ステップ 1: AWS で KMS キーポリシーを更新する
S3 のデータを保護するために、AWS は Amazon S3 マネージドキー (SSE-S3) または AWS KMS キー (SSE-KMS) を使用したサーバー側の暗号化 (SSE) をサポートしています。 AWS S3 マネージドキーを使用する場合は、ステップ 2 に進みます。
-
AWS で、KMS サービスに移動します。
-
権限を追加するキーをクリックします。
-
Key ポリシー セクションで、[ ポリシー ビューに切り替える ] を選択します。
-
S3 がキーを使用できるようにするキーポリシーセクションを編集します。たとえば、次のようにします。
JSON{
"Sid": "Allow access through S3 for all principals in the account that are authorized to use S3",
"Effect": "Allow",
"Principal": {
"AWS": "*"
},
"Action": [
"kms:Encrypt",
"kms:Decrypt",
"kms:ReEncrypt*",
"kms:GenerateDataKey*",
"kms:DescribeKey"
],
"Resource": "*",
"Condition": {
"StringEquals": {
"kms:CallerAccount": "<AWS ACCOUNT ID>",
"kms:ViaService": "s3.<REGION>.amazonaws.com"
}
}
}, -
[変更を保存] をクリックします。
手順 2: Unity Catalog を使用して S3 へのアクセスを構成する
-
「Google Cloud Storage に接続するためのストレージ認証情報を作成する」の手順に従って、S3 に接続するためのストレージ認証情報を作成します。

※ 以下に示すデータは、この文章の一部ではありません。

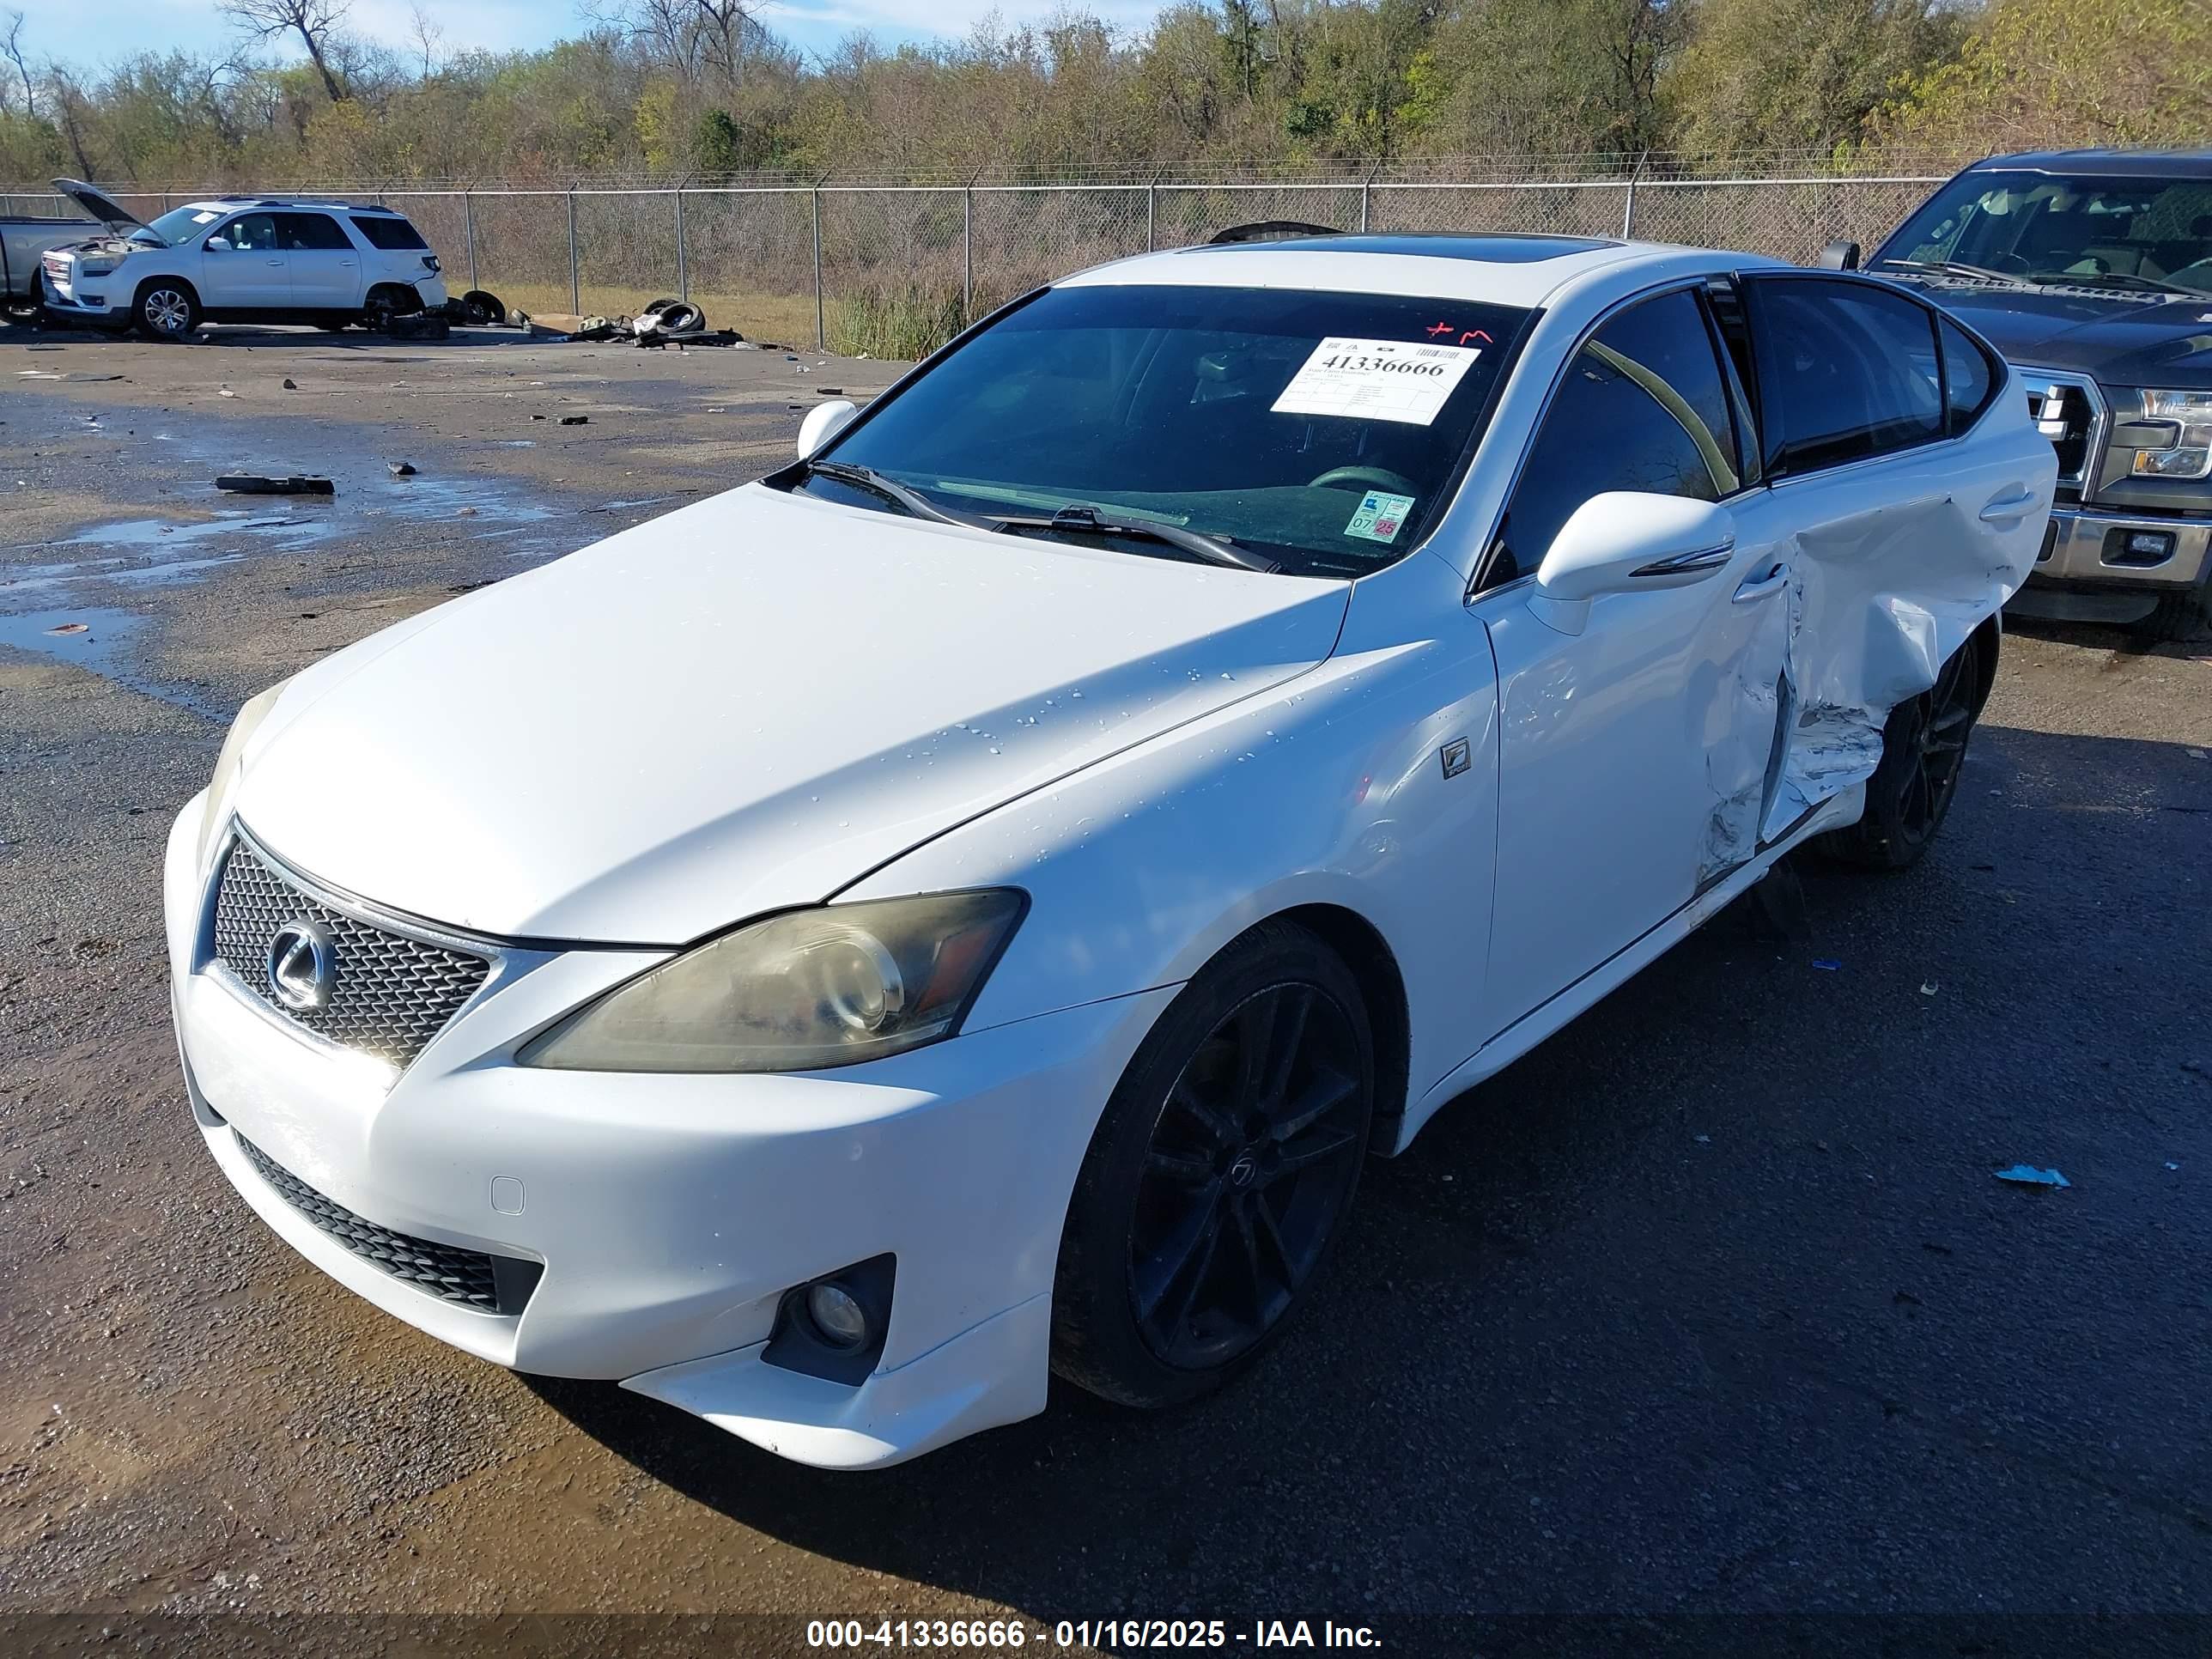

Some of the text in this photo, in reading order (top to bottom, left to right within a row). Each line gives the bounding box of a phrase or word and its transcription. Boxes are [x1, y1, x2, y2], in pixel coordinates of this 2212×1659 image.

[1322, 355, 1449, 377] 41336666
[1352, 518, 1372, 529] 07
[1376, 522, 1395, 533] 25

IAM ポリシーは、S3 バケットと同じアカウントに作成してください。 SSE-KMS を使用している場合は、ポリシーに次のものを含めます。
JSON{
"Action": [
"kms:Decrypt",
"kms:Encrypt",
"kms:GenerateDataKey*"
],
"Resource": [
"arn:aws:kms:<KMS-KEY>"
],
"Effect": "Allow"
},「ステップ 1: IAMロールを作成する」を参照してください。
-
カタログエクスプローラーまたは SQL を使用して S3 に接続するための外部ロケーションを作成します。
-
「外部ロケーションでの暗号化アルゴリズムの構成 (AWS S3のみ)」の手順に従って、外部ロケーションでサーバー側の暗号化を構成します。